Emergency room doctor laments personal and professional isolation

Eric Berger, Associate Editor

Dr. Evan Schwarz says he went into emergency medicine because “you got to see people who had no other place to go and help them in that situation. And you had a combination of the intellectual side of medicine, as well as doing as procedures.”

These days, working at Barnes-Jewish Hospital, Schwarz is missing both the intellectual and the personal. 

Due to fears over the coronavirus, there are far fewer people at the hospital “and working with patients is also very different,” said Schwarz, 41, who also runs a toxicology and addiction medicine clinic. 

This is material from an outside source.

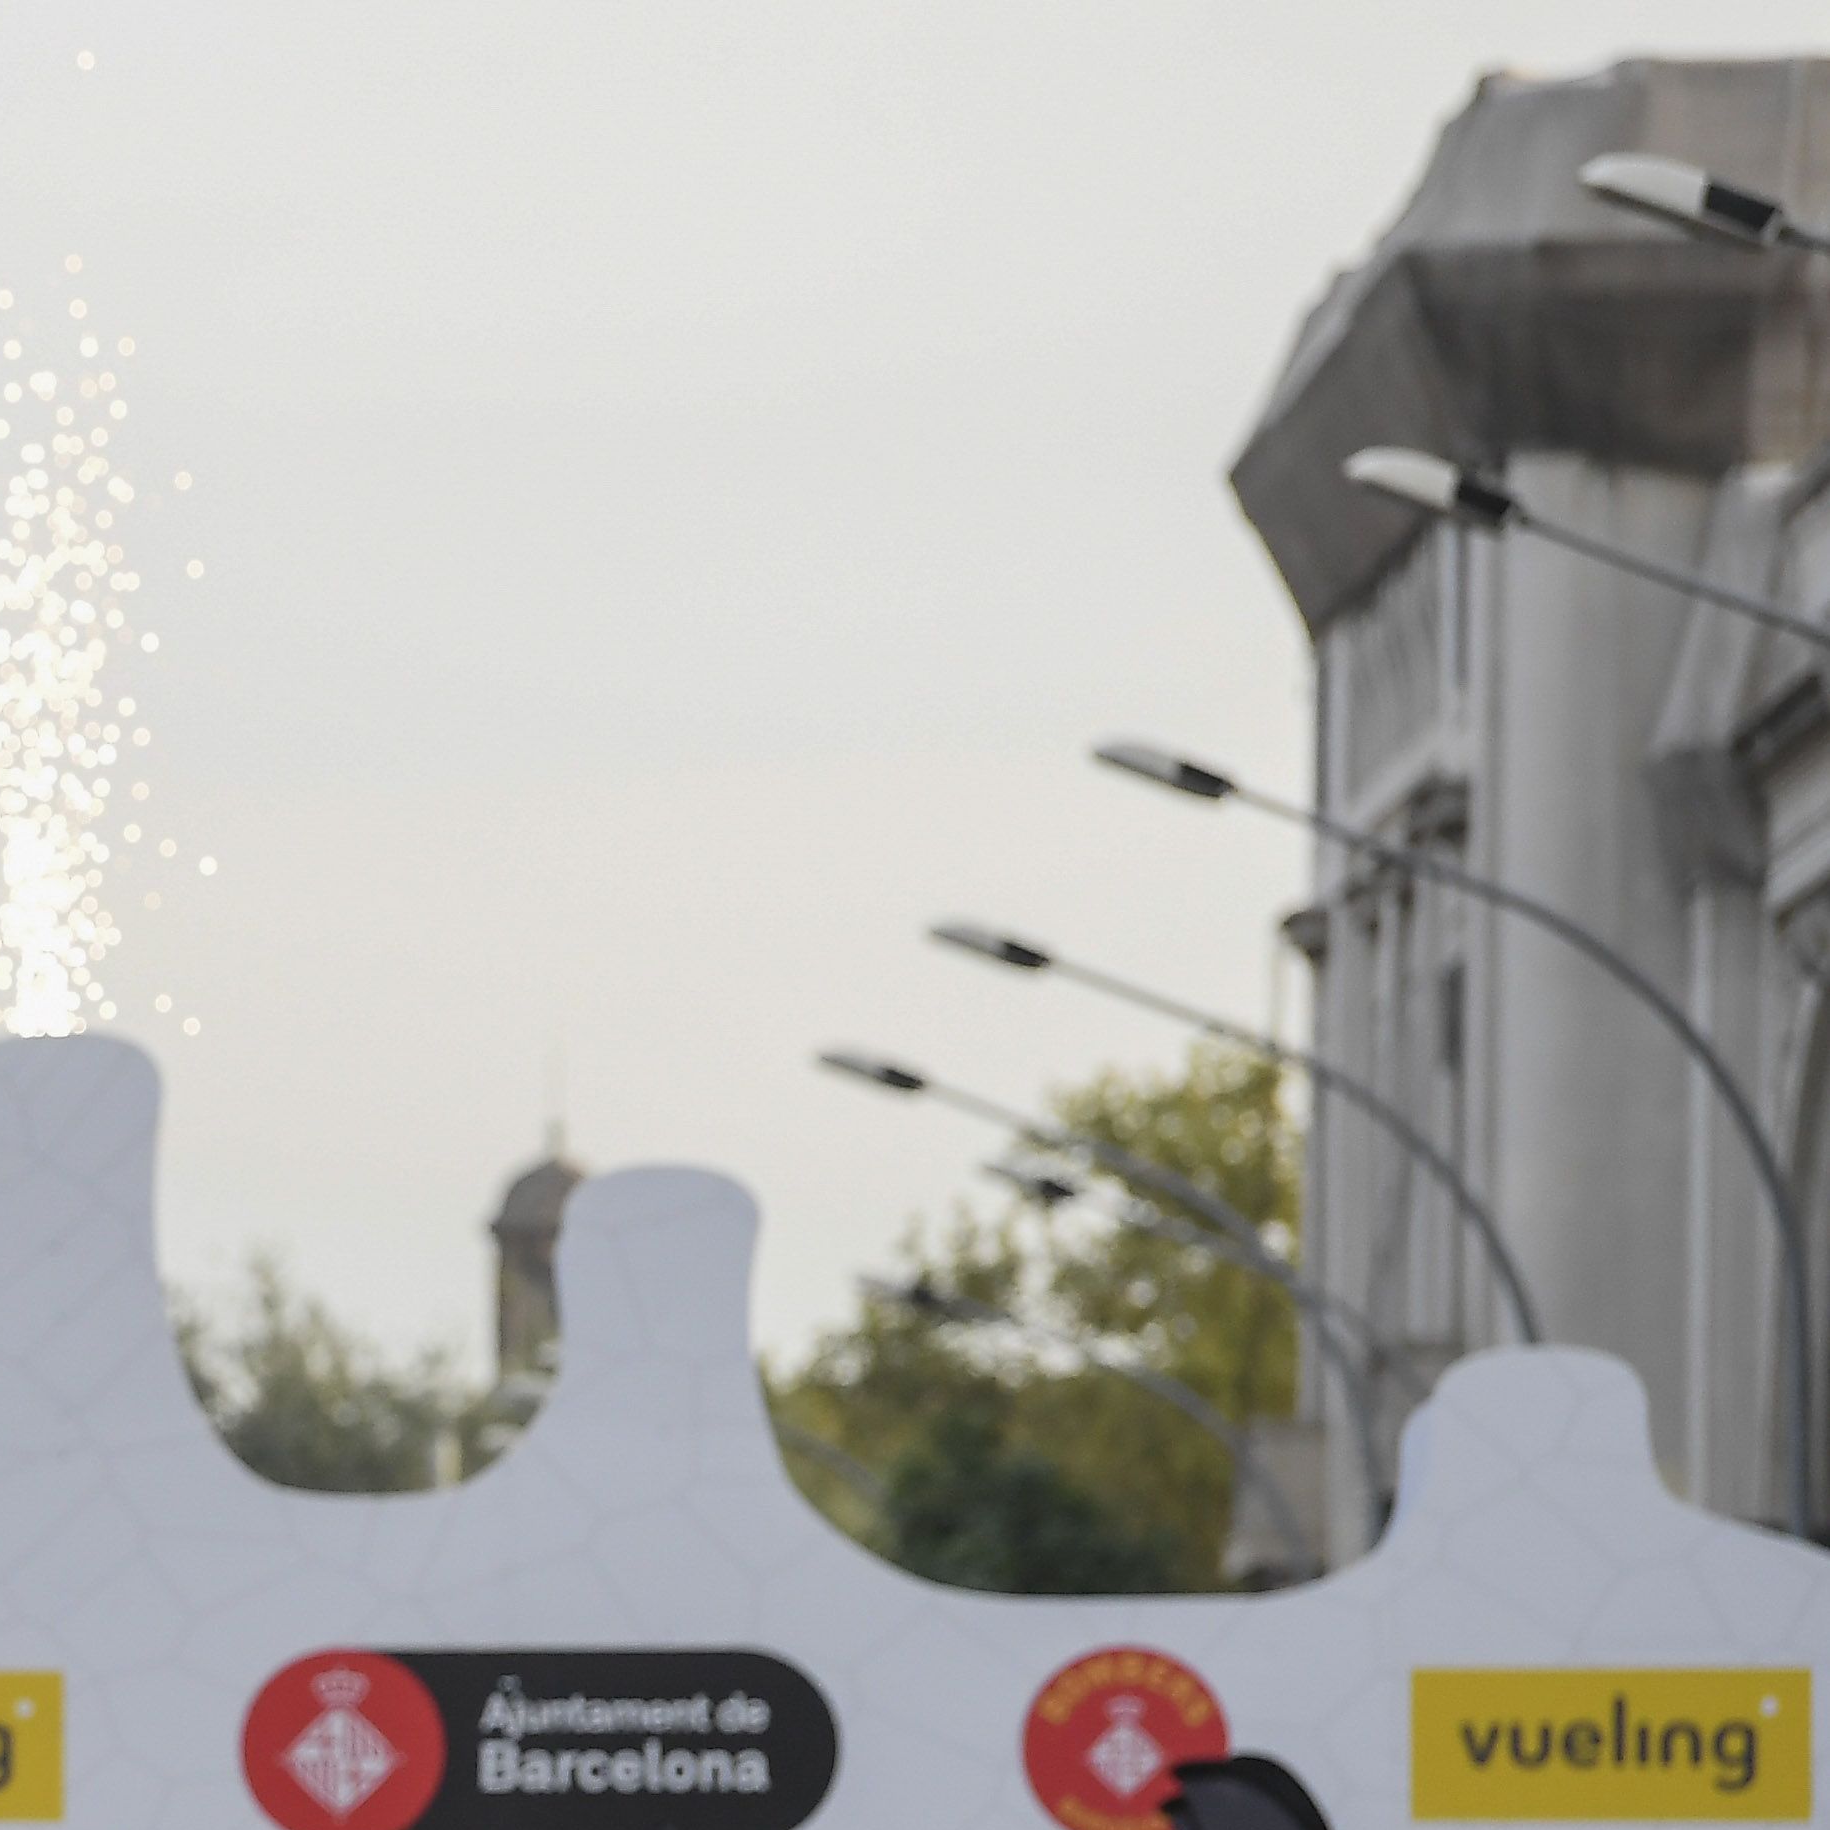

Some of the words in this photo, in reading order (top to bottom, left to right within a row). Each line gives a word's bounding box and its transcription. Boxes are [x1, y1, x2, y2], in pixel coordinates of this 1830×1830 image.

[480, 1693, 706, 1740] Ajuntament
[716, 1693, 770, 1734] de
[1461, 1695, 1758, 1791] vueling
[479, 1742, 770, 1795] Barcelona

“We are in [personal protective equipment] all the time when we are in the emergency department. There are more attempts to limit when you are going to the rooms, and at the same time, patients now have another concern when they are going to the hospital” — contracting the coronavirus.

Although the volume of patients he sees is down, “the shifts are just tougher,” he said. “The people that we see are sicker. Working in the PPE all day longit wasn’t really intended for that – also makes things harder. And there are also tests and imaging modalities that we used to have that are either much harder to do or aren’t available in certain situations because of COVID.”

As to the intellectual part of his professional life, Schwarz, who is affiliated with the Washington University School of Medicine, said he misses meeting his colleagues from around the country at conferences and “comparing how things are going in different” areas.

At the hospital here, “when I am in the office, you are trying to limit how often you go out. At the toxicology service, we used to have … a lot of weekly didactic sessions, and that has all changed,” he said.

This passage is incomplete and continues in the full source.